Legal
Privacy Policy
Last updated May 17, 2026. We try to write these without buzzwords — if anything reads opaque, email privacy@rootherald.io and we'll fix it.
Scope
What this covers
This policy covers rootherald.io, the Root Herald dashboard, our API, our client SDKs, and the browser extension. It applies to people who sign up for a tenant (you're our customer) and people whose devices attest through our service (your end-users). The two get very different treatment because they share very different data with us.
Customers
If you have a Root Herald tenant
When you sign up, we collect your email, password (stored only as a bcrypt hash), the name of your organization, and the slug you pick. We use this to authenticate you and to bill you. If you're on a paid plan, Stripe processes the payment and we store the Stripe customer id and the last four digits of the card — nothing more.
We log API request metadata (timestamps, route, tenant id, response code) for 30 days for security and abuse detection. We do not log request or response bodies. We do not track your dashboard sessions with third-party analytics; the dashboard ships with no third-party scripts.
You can delete your tenant from the dashboard at any time. We remove identifiable data within 30 days; statistical counters that have already been aggregated for usage billing may persist for one more billing cycle. Deletion is irreversible.
End-users
If your device attested through Root Herald
When a device attests, the SDK sends a TPM quote (or Secure Enclave / StrongBox / App Attest assertion) and a per-device handle. The handle is a cryptographic identifier derived from the device's attestation key — it is not a username, email, IP, or browser fingerprint. We do not see who you are.
The relying party that asked your device to attest sees only the verdict (pass/fail/needs-review) and a token containing the device class. They join that to their own user identity on their side — that's not us.
We keep raw attestation evidence for 30 days for fraud review and replay-defense, then permanently delete it.

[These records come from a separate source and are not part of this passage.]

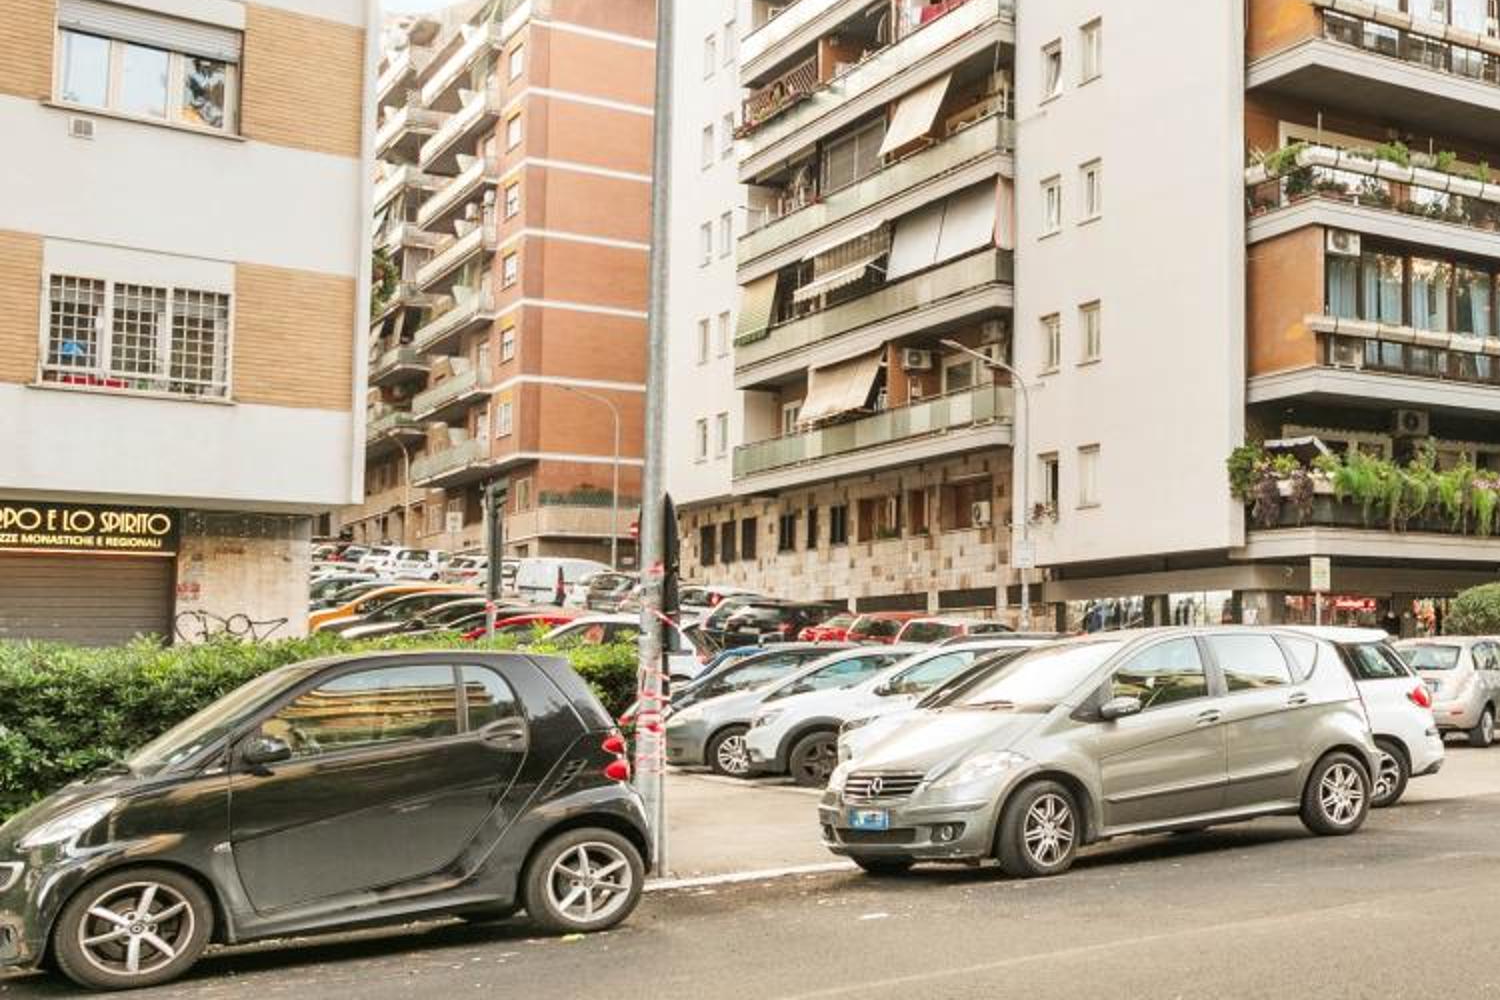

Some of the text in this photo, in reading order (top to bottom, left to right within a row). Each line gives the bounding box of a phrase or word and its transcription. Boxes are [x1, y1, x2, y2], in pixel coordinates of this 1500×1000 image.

[47, 510, 57, 531] E
[63, 510, 95, 532] LO
[100, 511, 171, 535] SPIRITO
[21, 533, 94, 546] MONASTICHE
[106, 537, 162, 548] REGIONALI

Statistical signals derived from many devices (e.g., "this firmware version is associated with abuse") are retained longer, because they make the platform safer for everyone — but they cannot be reversed to point at any single device.
Locations
Where the data lives
Our production environment runs in AWS us-west-2 (Oregon, USA). We use Stripe for payments (US/Ireland), Postmark for transactional email (US), Sentry for error tracking (US), and Cloudflare for DDoS protection (global edge). The full list lives at /legal/sub-processors.
If you're in the EU, the EU Standard Contractual Clauses cover cross-border transfers. We'll sign your DPA — contact dpa@rootherald.io.
Your rights
What you can ask us to do
You can ask us for a copy of everything we have on you, ask us to correct it, ask us to delete it, or ask us to stop processing it. Email privacy@rootherald.io. We respond within 30 days, no questions asked, no dark patterns.
If you're not happy with our response you can complain to your local data protection authority. We'd obviously rather you tell us first so we can fix it.
Changes
If we change this
We'll post the new version here with the "Last updated" date bumped at the top, and email tenant admins if anything material changes. The git history of this file lives in our public repo — diffs are available.